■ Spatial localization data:
________
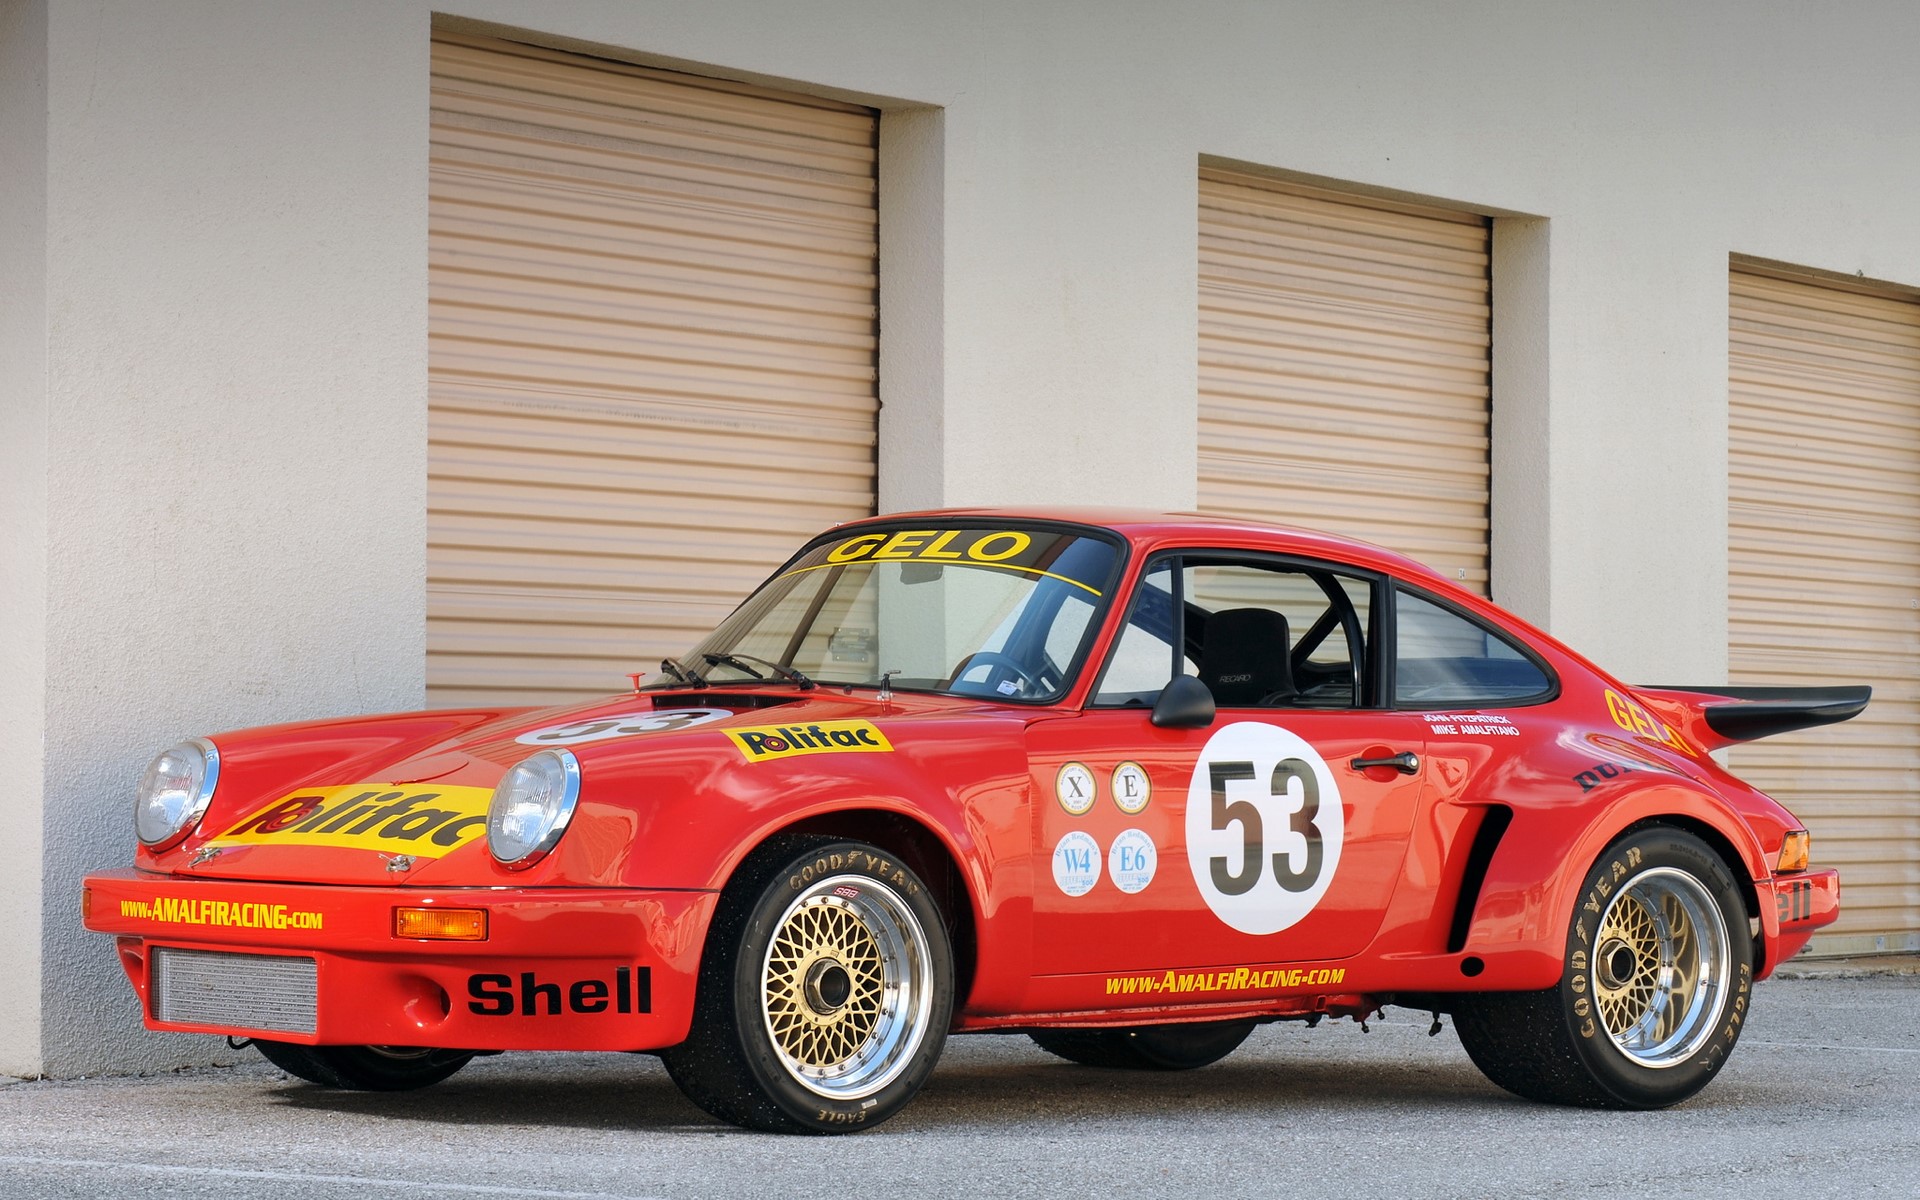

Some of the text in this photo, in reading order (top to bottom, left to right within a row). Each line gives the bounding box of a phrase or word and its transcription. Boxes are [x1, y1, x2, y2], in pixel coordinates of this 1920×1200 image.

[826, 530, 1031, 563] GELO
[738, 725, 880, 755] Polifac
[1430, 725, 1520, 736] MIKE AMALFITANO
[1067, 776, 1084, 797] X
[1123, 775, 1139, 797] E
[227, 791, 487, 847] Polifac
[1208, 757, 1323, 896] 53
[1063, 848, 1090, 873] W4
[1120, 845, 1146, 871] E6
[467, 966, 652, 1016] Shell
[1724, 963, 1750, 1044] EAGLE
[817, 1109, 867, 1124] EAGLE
________
■ Task directions:
No picture is to appear in the copy; every entry above is otherwise to be printed verbatim.

■ Reply to the task:
Some of the text in this photo, in reading order (top to bottom, left to right within a row). Each line gives the bounding box of a phrase or word and its transcription. Boxes are [x1, y1, x2, y2], in pixel coordinates of this 1920×1200 image.

[826, 530, 1031, 563] GELO
[738, 725, 880, 755] Polifac
[1430, 725, 1520, 736] MIKE AMALFITANO
[1067, 776, 1084, 797] X
[1123, 775, 1139, 797] E
[227, 791, 487, 847] Polifac
[1208, 757, 1323, 896] 53
[1063, 848, 1090, 873] W4
[1120, 845, 1146, 871] E6
[467, 966, 652, 1016] Shell
[1724, 963, 1750, 1044] EAGLE
[817, 1109, 867, 1124] EAGLE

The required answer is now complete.